▶ [Your task]
Write out the whole listing exactly; no images belong in it.

^^^^^^^^

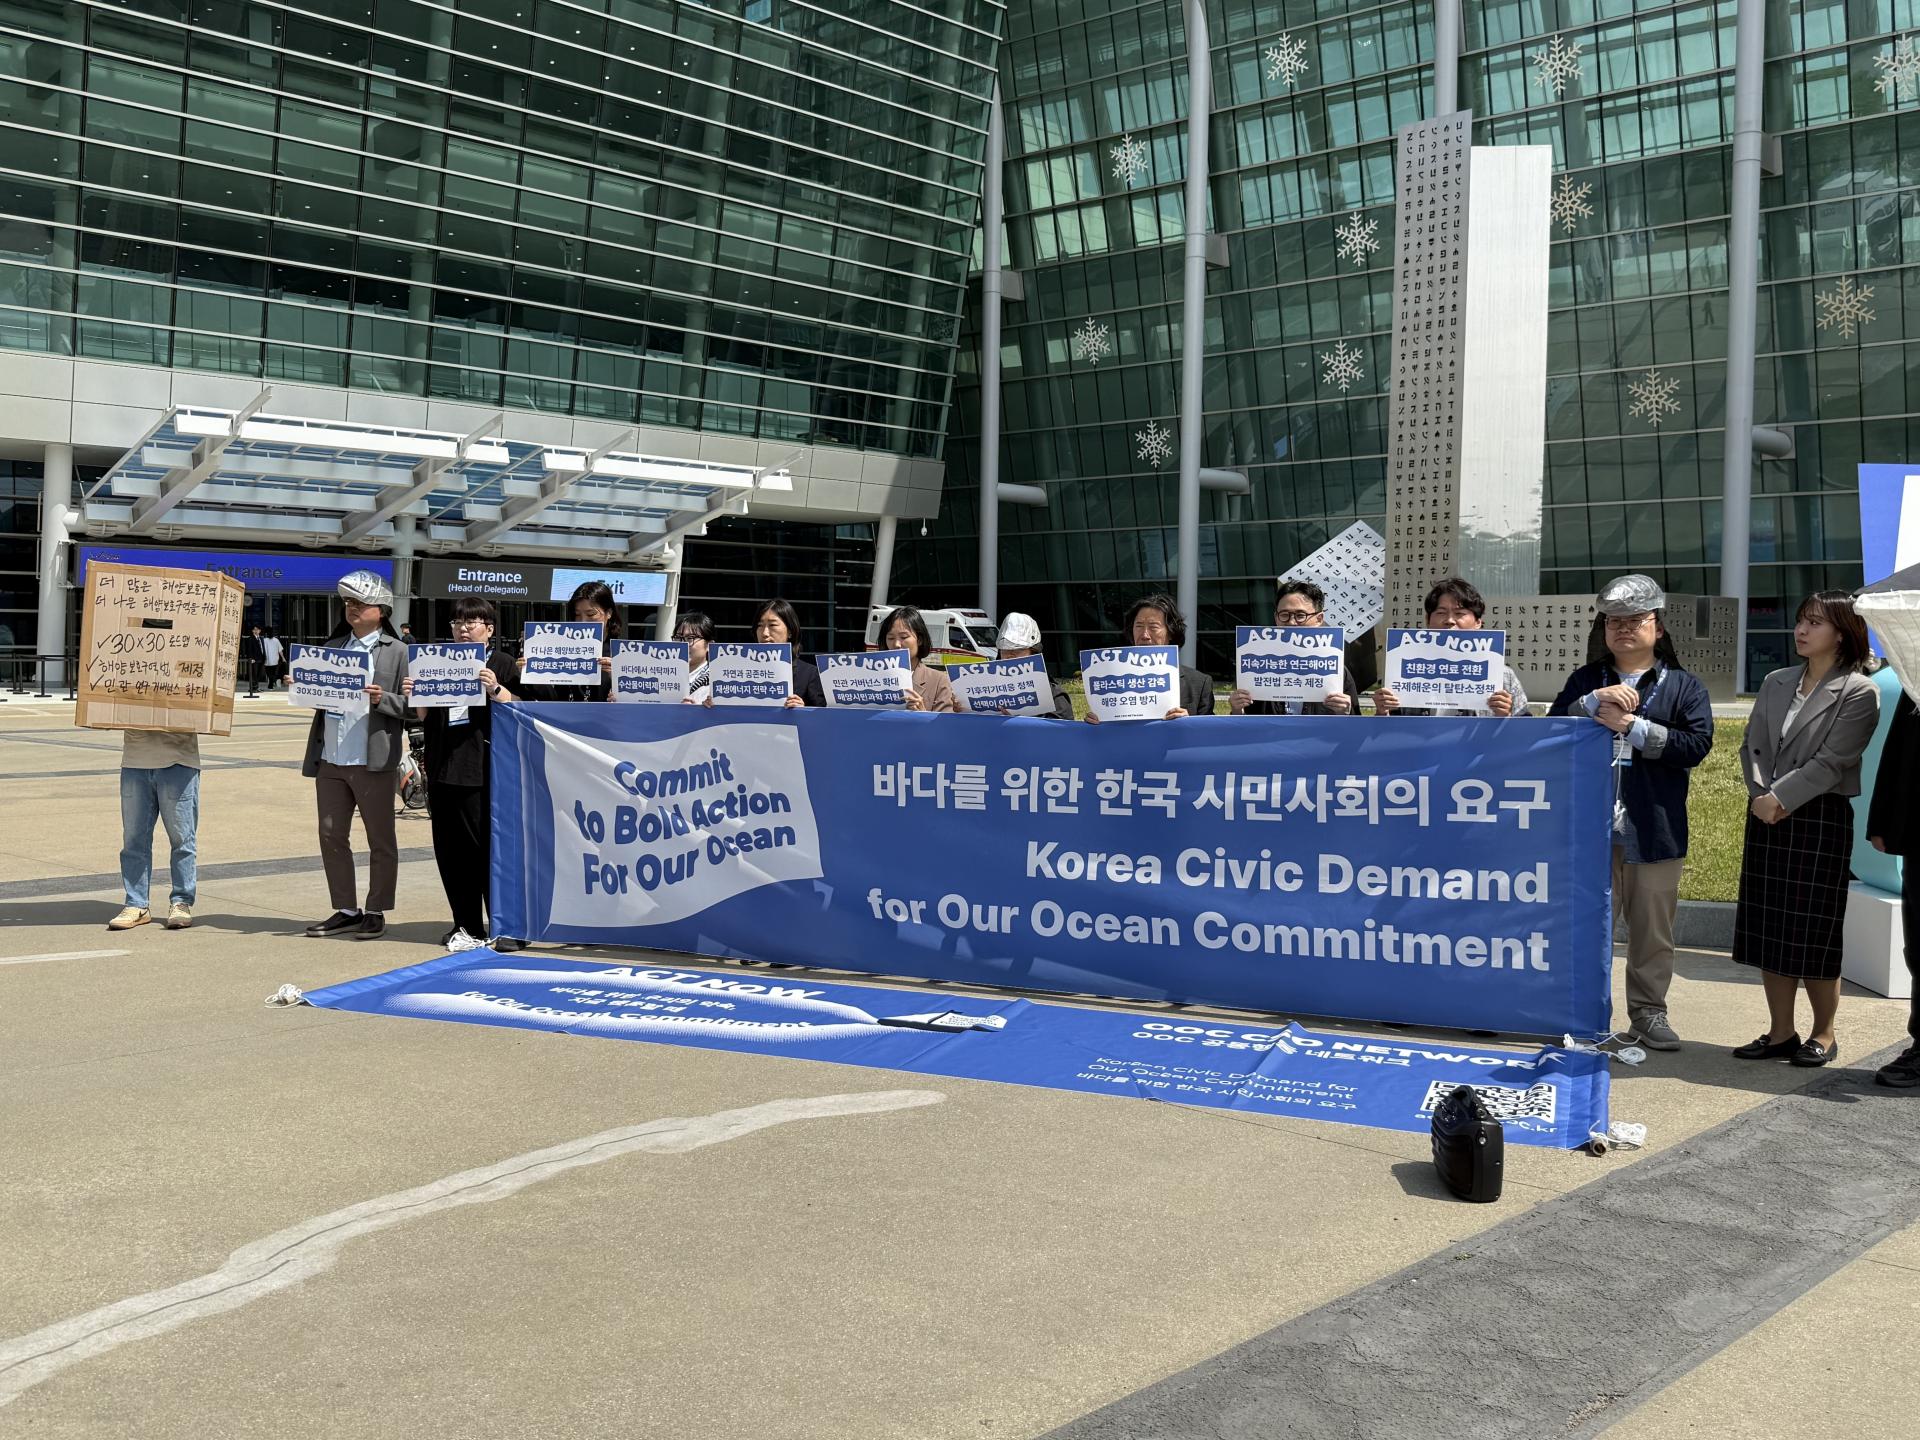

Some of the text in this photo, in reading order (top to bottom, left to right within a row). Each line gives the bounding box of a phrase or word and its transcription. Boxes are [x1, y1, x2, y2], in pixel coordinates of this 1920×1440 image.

[458, 568, 522, 583] Entrance
[99, 575, 217, 600] 더 많은 해양보호구역
[448, 584, 528, 596] (Head of Delegation)
[96, 594, 105, 607] 더
[534, 623, 595, 640] ACT NOW
[1248, 628, 1333, 648] ACT NOW
[169, 635, 191, 648] 로드맵
[194, 636, 211, 651] 제시
[1400, 630, 1493, 652] ACT NOW
[299, 647, 361, 668] ACT NOW
[417, 645, 477, 661] ACT NOW
[531, 646, 595, 655] 더 나은 해양보호구역
[619, 641, 680, 660] ACT NOW
[717, 644, 782, 662] ACT NOW
[1090, 649, 1168, 667] ACT NOW
[179, 661, 204, 678] 제정
[531, 660, 594, 670] 해양보호구역법 제정
[621, 666, 677, 676] 바다에서 식탁까지
[827, 655, 900, 671] ACT NOW
[959, 661, 1034, 677] ACT NOW
[1242, 658, 1337, 671] 지속가능한 연근해어업
[1406, 663, 1482, 675] 친환경 연료 전환
[296, 671, 361, 687] 더 많은 해양보호구역
[419, 668, 474, 677] 생산부터 수거까지
[723, 669, 775, 679] 자연과 공존하는
[136, 681, 151, 695] 연구
[152, 682, 181, 696] 거버넌스
[185, 683, 209, 699] 확대
[415, 683, 436, 693] 폐어구
[464, 682, 479, 691] 관리
[619, 680, 681, 692] 수산물이력제 의무화
[715, 685, 784, 695] 재생에너지 전략 수립
[833, 677, 899, 687] 민관 거버넌스 확대
[966, 680, 1035, 695] 기후위기대응 정책
[1093, 677, 1166, 691] 플라스틱 생산 감축
[1254, 677, 1324, 688] 발전법 조속 제정
[1392, 681, 1496, 695] 국제해운의 탈탄소정책
[323, 690, 345, 700] 로드맵
[346, 692, 362, 701] 제시
[837, 692, 900, 701] 해양시민과학 지원
[973, 694, 1035, 709] 선택이 아닌 필수
[1101, 694, 1157, 707] 해양 오염 방지
[613, 748, 734, 798] Commit
[873, 761, 1551, 830] 바다를 위한 한국 시민사회의 요구
[574, 784, 791, 845] to Bold Action
[583, 826, 796, 895] For Our Ocean
[1026, 841, 1549, 904] Korea Civic Demand
[867, 888, 1550, 972] for Our Ocean Commitment
[1132, 1031, 1196, 1043] OOC
[1305, 1049, 1411, 1067] 네트워크
[1142, 1023, 1235, 1038] OOC
[1331, 1041, 1566, 1070] NETWORK
[1088, 1064, 1128, 1073] Our
[1132, 1068, 1198, 1081] Ocean
[1173, 1067, 1222, 1077] Civic
[1328, 1083, 1359, 1092] for
[1076, 1072, 1130, 1083] 바다를
[1176, 1083, 1212, 1094] 한국
[1317, 1101, 1358, 1110] 요구
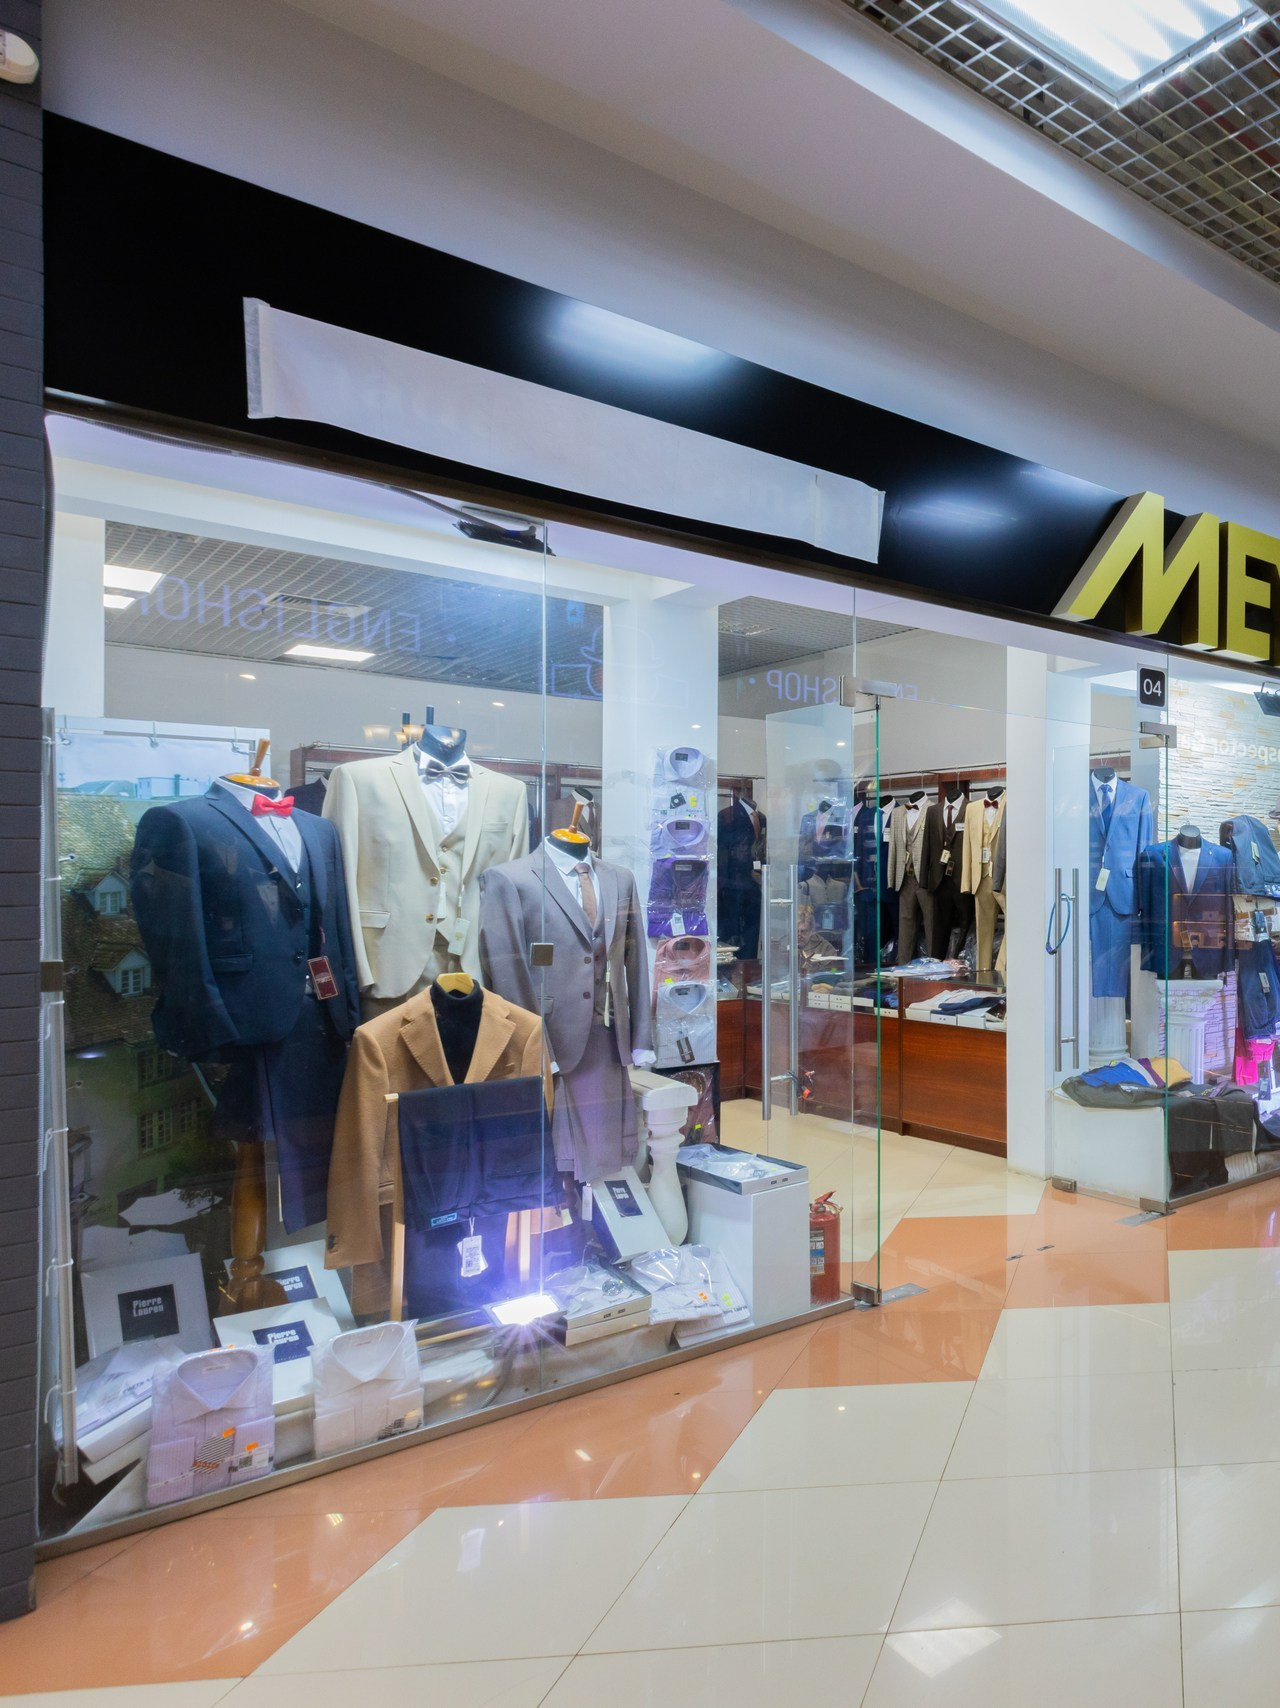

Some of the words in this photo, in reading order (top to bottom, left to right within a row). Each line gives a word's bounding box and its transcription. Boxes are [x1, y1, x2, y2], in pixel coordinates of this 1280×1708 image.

^^^^^^^^

▶ [Task answer]
Some of the text in this photo, in reading order (top to bottom, left to right within a row). Each line gives the bounding box of a phrase or word and its transcription. Boxes are [x1, y1, x2, y2], in pixel coordinates of this 1920×1440 image.

[458, 568, 522, 583] Entrance
[99, 575, 217, 600] 더 많은 해양보호구역
[448, 584, 528, 596] (Head of Delegation)
[96, 594, 105, 607] 더
[534, 623, 595, 640] ACT NOW
[1248, 628, 1333, 648] ACT NOW
[169, 635, 191, 648] 로드맵
[194, 636, 211, 651] 제시
[1400, 630, 1493, 652] ACT NOW
[299, 647, 361, 668] ACT NOW
[417, 645, 477, 661] ACT NOW
[531, 646, 595, 655] 더 나은 해양보호구역
[619, 641, 680, 660] ACT NOW
[717, 644, 782, 662] ACT NOW
[1090, 649, 1168, 667] ACT NOW
[179, 661, 204, 678] 제정
[531, 660, 594, 670] 해양보호구역법 제정
[621, 666, 677, 676] 바다에서 식탁까지
[827, 655, 900, 671] ACT NOW
[959, 661, 1034, 677] ACT NOW
[1242, 658, 1337, 671] 지속가능한 연근해어업
[1406, 663, 1482, 675] 친환경 연료 전환
[296, 671, 361, 687] 더 많은 해양보호구역
[419, 668, 474, 677] 생산부터 수거까지
[723, 669, 775, 679] 자연과 공존하는
[136, 681, 151, 695] 연구
[152, 682, 181, 696] 거버넌스
[185, 683, 209, 699] 확대
[415, 683, 436, 693] 폐어구
[464, 682, 479, 691] 관리
[619, 680, 681, 692] 수산물이력제 의무화
[715, 685, 784, 695] 재생에너지 전략 수립
[833, 677, 899, 687] 민관 거버넌스 확대
[966, 680, 1035, 695] 기후위기대응 정책
[1093, 677, 1166, 691] 플라스틱 생산 감축
[1254, 677, 1324, 688] 발전법 조속 제정
[1392, 681, 1496, 695] 국제해운의 탈탄소정책
[323, 690, 345, 700] 로드맵
[346, 692, 362, 701] 제시
[837, 692, 900, 701] 해양시민과학 지원
[973, 694, 1035, 709] 선택이 아닌 필수
[1101, 694, 1157, 707] 해양 오염 방지
[613, 748, 734, 798] Commit
[873, 761, 1551, 830] 바다를 위한 한국 시민사회의 요구
[574, 784, 791, 845] to Bold Action
[583, 826, 796, 895] For Our Ocean
[1026, 841, 1549, 904] Korea Civic Demand
[867, 888, 1550, 972] for Our Ocean Commitment
[1132, 1031, 1196, 1043] OOC
[1305, 1049, 1411, 1067] 네트워크
[1142, 1023, 1235, 1038] OOC
[1331, 1041, 1566, 1070] NETWORK
[1088, 1064, 1128, 1073] Our
[1132, 1068, 1198, 1081] Ocean
[1173, 1067, 1222, 1077] Civic
[1328, 1083, 1359, 1092] for
[1076, 1072, 1130, 1083] 바다를
[1176, 1083, 1212, 1094] 한국
[1317, 1101, 1358, 1110] 요구

Some of the words in this photo, in reading order (top to bottom, left to right within a row). Each line gives a word's bounding box and its transcription. Boxes are [x1, y1, x2, y2], in pixel coordinates of this 1280×1708 image.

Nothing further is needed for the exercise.